Every entry below must be copied exactly, with nothing left out.

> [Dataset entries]
■ ■ ■ ■ ■ ■ ■
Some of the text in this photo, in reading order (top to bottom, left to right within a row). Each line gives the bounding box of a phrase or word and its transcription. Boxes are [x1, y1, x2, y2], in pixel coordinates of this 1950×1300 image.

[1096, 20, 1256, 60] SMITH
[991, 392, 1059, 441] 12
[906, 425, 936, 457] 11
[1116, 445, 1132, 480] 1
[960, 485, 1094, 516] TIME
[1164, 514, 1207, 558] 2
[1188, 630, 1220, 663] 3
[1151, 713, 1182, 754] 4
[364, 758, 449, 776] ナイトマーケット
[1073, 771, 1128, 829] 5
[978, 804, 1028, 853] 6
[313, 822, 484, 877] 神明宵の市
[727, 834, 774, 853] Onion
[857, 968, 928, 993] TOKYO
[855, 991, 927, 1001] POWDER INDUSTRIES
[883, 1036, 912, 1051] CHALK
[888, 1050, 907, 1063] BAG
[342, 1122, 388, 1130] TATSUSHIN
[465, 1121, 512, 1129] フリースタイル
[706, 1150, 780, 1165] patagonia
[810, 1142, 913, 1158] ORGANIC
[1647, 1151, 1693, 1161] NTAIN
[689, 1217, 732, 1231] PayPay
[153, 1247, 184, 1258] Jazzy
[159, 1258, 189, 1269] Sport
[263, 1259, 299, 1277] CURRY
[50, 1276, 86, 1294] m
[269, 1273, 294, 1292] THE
■ ■ ■ ■ ■ ■ ■
> [RESULT]
Some of the text in this photo, in reading order (top to bottom, left to right within a row). Each line gives the bounding box of a phrase or word and its transcription. Boxes are [x1, y1, x2, y2], in pixel coordinates of this 1950×1300 image.

[1096, 20, 1256, 60] SMITH
[991, 392, 1059, 441] 12
[906, 425, 936, 457] 11
[1116, 445, 1132, 480] 1
[960, 485, 1094, 516] TIME
[1164, 514, 1207, 558] 2
[1188, 630, 1220, 663] 3
[1151, 713, 1182, 754] 4
[364, 758, 449, 776] ナイトマーケット
[1073, 771, 1128, 829] 5
[978, 804, 1028, 853] 6
[313, 822, 484, 877] 神明宵の市
[727, 834, 774, 853] Onion
[857, 968, 928, 993] TOKYO
[855, 991, 927, 1001] POWDER INDUSTRIES
[883, 1036, 912, 1051] CHALK
[888, 1050, 907, 1063] BAG
[342, 1122, 388, 1130] TATSUSHIN
[465, 1121, 512, 1129] フリースタイル
[706, 1150, 780, 1165] patagonia
[810, 1142, 913, 1158] ORGANIC
[1647, 1151, 1693, 1161] NTAIN
[689, 1217, 732, 1231] PayPay
[153, 1247, 184, 1258] Jazzy
[159, 1258, 189, 1269] Sport
[263, 1259, 299, 1277] CURRY
[50, 1276, 86, 1294] m
[269, 1273, 294, 1292] THE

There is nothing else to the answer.